And that is how I found myself, with zero medical or military training, driving into a city under siege by the world’s second largest superpower on the third day of the dreaded Donbas Offensive. It was really, really loud. I had read books about artillery fire during the First World War. I’d read how it was the most dreaded aspect of battlefield combat, even more so than the gas, the barbed wire, and the constant machine gun fire. But nothing compared to the actual experience of hearing incoming and outgoing artillery fire and seeing its effects in the destroyed tanks, burnt out trucks, and eviscerated structures around you. 

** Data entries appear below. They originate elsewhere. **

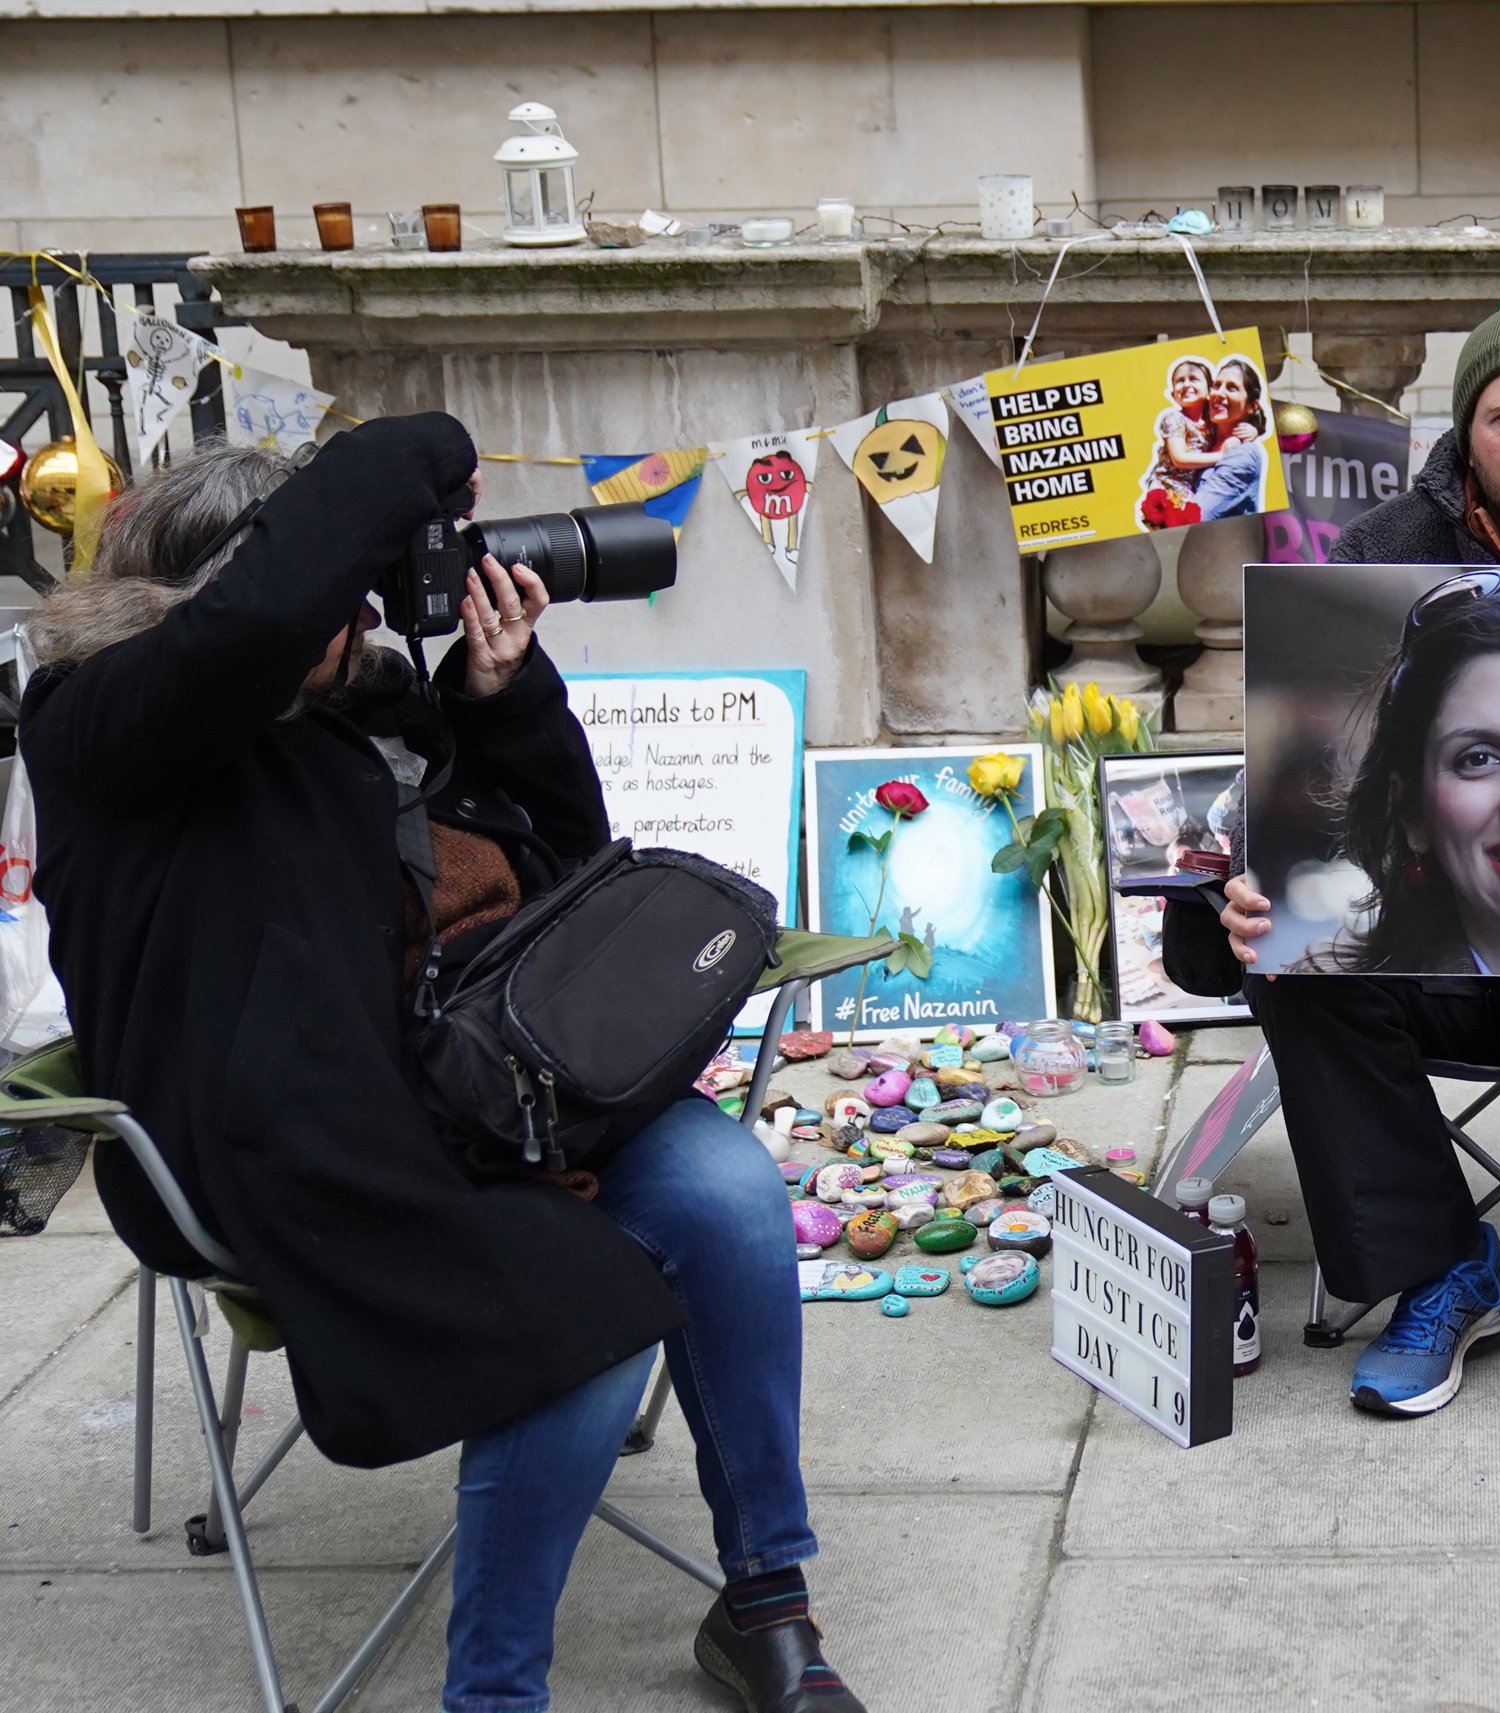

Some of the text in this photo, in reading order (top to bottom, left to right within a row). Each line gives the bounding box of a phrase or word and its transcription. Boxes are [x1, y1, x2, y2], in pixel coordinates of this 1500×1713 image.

[999, 383, 1099, 417] HELP US
[1004, 416, 1079, 445] BRING
[1009, 438, 1119, 474] NAZANIN
[1282, 445, 1398, 500] rime
[1014, 471, 1088, 502] HOME
[1019, 515, 1091, 538] REDRESS
[582, 692, 680, 726] demands
[690, 698, 715, 722] to
[645, 743, 704, 767] Nazanin
[711, 743, 739, 766] and
[749, 744, 772, 766] the
[622, 778, 639, 791] as
[1054, 1189, 1187, 1302] HUNGER FOR
[1070, 1259, 1178, 1360] JUSTICE
[1076, 1323, 1119, 1380] DAY

In addition to the humanitarian mission, I took advantage of press credentials provided to me by the military to work in the capacity as a video/photojournalist both independently and for a number of international outlets while I was in the country. I occasionally was given body armor emblazoned with a "PRESS" badge by journalist friends, and later took to wearing one on my own armor on occasion. It wasn't much insurance, but it helped avoid constant interrogation by the security services and allowed me a greater capacity to document the events that unfolded around us. The help I received from journalists, soldiers, humanitarian organizations, and foreign volunteers while I was in-country was incredibly moving and inspiring. It was nothing compared to the constantly cheerful and helpful manner in which the Ukrainian's themselves assisted my efforts throughout the duration of my trip. 

I met three journalists early on who were headed to the front with no medical gear. I gave them my own IFAK before they left. It consisted of a Combat Application Tourniquet, pressure bandages, CELOX hemostatic gauze, splints, antibiotics, and chest seals. They were very grateful for it. These three men later ended up recording some of the most moving and incredible battlefront footage of the entire war. 
Entering the last checkpoint into Kharkiv under artillery fire. I've never been a smoker in my life but I smoked about 20 cigarettes on my way in and out of the city. The checkpoints were immensely stressful because you were basically a sitting duck next to a bunch of military targets, waiting a half hour for your passport to clear and answering questions.

I am now home in sunny Los Angeles now, but my partners in Ukraine still work ceaselessly under these frightful conditions. They are constantly exposing themselves to extreme physical danger and mental strain to deliver much-needed medication to people for whom these conditions are a constant, daily reality. 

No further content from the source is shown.